::: Supplied data :::
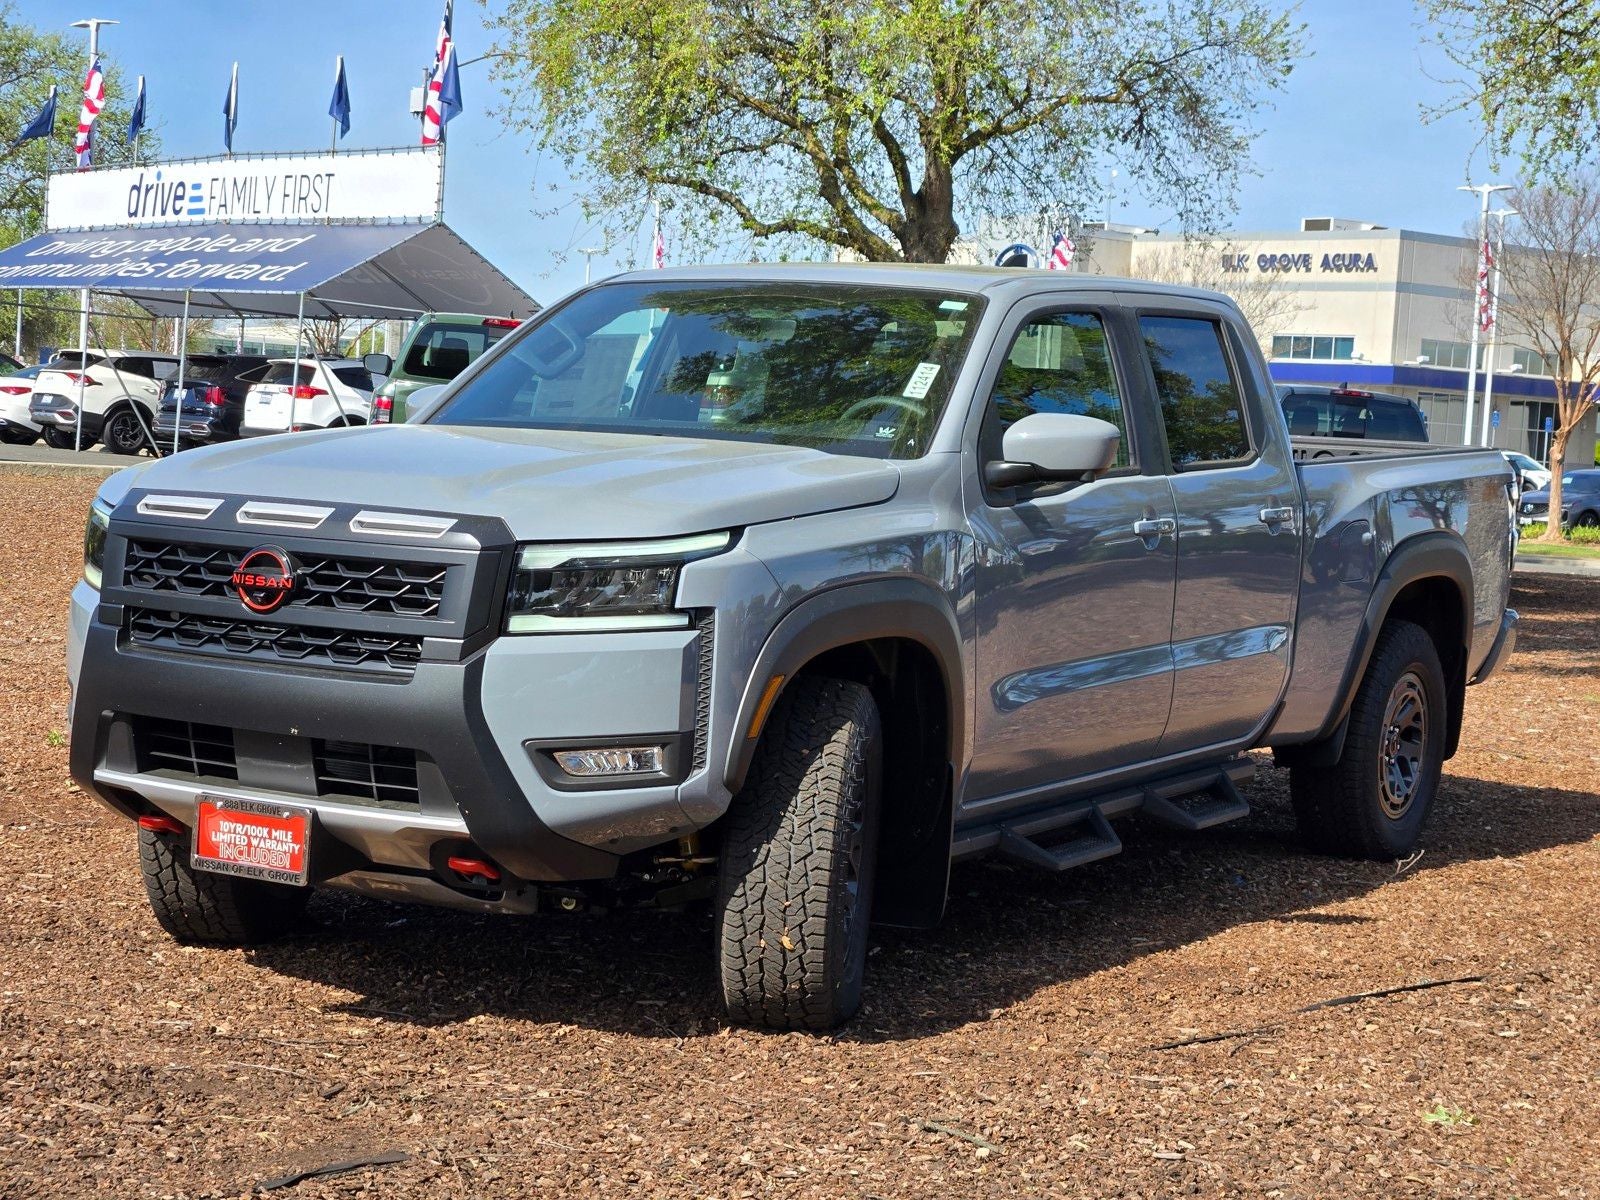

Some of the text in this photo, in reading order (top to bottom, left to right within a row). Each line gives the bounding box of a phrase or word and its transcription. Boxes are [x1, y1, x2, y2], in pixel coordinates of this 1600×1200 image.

[127, 170, 335, 218] drive FAMILY FIRST
[25, 234, 317, 259] Driving people and
[0, 256, 168, 278] ommunities
[154, 258, 309, 281] forward.
[1257, 253, 1311, 271] GROVE
[1320, 252, 1376, 271] ACURA
[232, 572, 293, 589] NISSAN
[240, 801, 255, 812] ELK
[257, 803, 281, 816] GROVE
[211, 830, 301, 855] LIMITED WARRANTY
[219, 820, 293, 843] 10YR/100K MILE
[218, 842, 291, 869] INCLUDED!
[195, 858, 301, 883] NISSAN OF ELK GROVE
:::
Transcribe the listing exactly. Its images are to be omitted.

Some of the text in this photo, in reading order (top to bottom, left to right within a row). Each line gives the bounding box of a phrase or word and its transcription. Boxes are [x1, y1, x2, y2], in pixel coordinates of this 1600×1200 image.

[127, 170, 335, 218] drive FAMILY FIRST
[25, 234, 317, 259] Driving people and
[0, 256, 168, 278] ommunities
[154, 258, 309, 281] forward.
[1257, 253, 1311, 271] GROVE
[1320, 252, 1376, 271] ACURA
[232, 572, 293, 589] NISSAN
[240, 801, 255, 812] ELK
[257, 803, 281, 816] GROVE
[211, 830, 301, 855] LIMITED WARRANTY
[219, 820, 293, 843] 10YR/100K MILE
[218, 842, 291, 869] INCLUDED!
[195, 858, 301, 883] NISSAN OF ELK GROVE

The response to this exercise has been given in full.